The Union home ministry, which released the guidelines to rekindle the engines of growth, surprisingly lifted the restrictions on a large swathe of businesses.
The guidelines went beyond what the industry had demanded or dared hope for. Factories in several sectors were permitted to recall 50 per cent of their workforce to the shop floors, going beyond the recommendation for a gradualist approach.
The Confederation of Indian Industry (CII) had come out with a 54-page strategy paper titled “Exit from Lockdown” just three days ago in which it had suggested that only manufacturing, e-commerce and construction businesses be opened in the first phase — “perhaps 25 per cent to begin with”.
“The ramp-up in terms of returning employees could be 50 per cent to 75 per cent to 100 per cent over a period of time,” the CII paper had said, adding that the resumption of work could begin in locations with a lower incidence of the coronavirus outbreak.
Although the government guidelines laid down several safety norms to prevent the spread of the virus at the workplace, it was not clear how implementation would be guaranteed if a large number of workers in mines, factories, cold storage plants and warehouses managed to return to work on Monday.
It was also not immediately clear why the government felt the need to allow electricians, plumbers, motor mechanics and carpenters to go scouring for work in the first phase itself, risking the gains achieved from the tough social distancing regulations during the lockdown.
Cash- and credit-strapped businesses have been directed to shoulder a burden of new costs: they will have to ferry workers to factories in vehicles using only 30-40 per cent of seating capacity to ensure social distancing. Alternatively, units in industrial townships and special economic zones will have to make arrangements to house their workers on the premises “as far as possible”.

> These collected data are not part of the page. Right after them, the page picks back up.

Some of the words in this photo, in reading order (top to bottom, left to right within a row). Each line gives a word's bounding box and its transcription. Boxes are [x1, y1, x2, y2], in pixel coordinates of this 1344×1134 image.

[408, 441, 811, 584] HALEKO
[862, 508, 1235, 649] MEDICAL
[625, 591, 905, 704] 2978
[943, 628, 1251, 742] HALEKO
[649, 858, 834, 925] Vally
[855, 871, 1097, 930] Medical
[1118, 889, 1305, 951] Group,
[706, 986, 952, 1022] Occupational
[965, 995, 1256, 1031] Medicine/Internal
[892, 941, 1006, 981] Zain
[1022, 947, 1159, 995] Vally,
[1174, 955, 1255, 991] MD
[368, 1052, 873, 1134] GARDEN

Small businesses will struggle to fulfil the mandatory requirement to provide medical insurance cover to the workers before they restart operations from April 20.
Officials said the final authority for allowing a plant to resume production would still rest with the state authorities.
Some industrialists were critical of the measures.
“Just opening a factory has no meaning,” Vikram Kirloskar, vice-chairman of Toyota Kirloskar Motor, told a news channel. “We have to open up the supply chains and auto dealerships in order to be able to sell what we produce.”
Automobile makers have seen profits tumble and sales skid in the past few quarters, leaving them with a pile of vehicles that no longer meet tough, new emission standards.
“No manufacturing business can afford to run partially open operations. A factory working at 20-50 per cent capacity will burn a lot more cash compared to when it is completely shut. Many (automakers) will wait for normalcy to return,” tweeted Ravi Bhatia, president India and director Jato Dynamics.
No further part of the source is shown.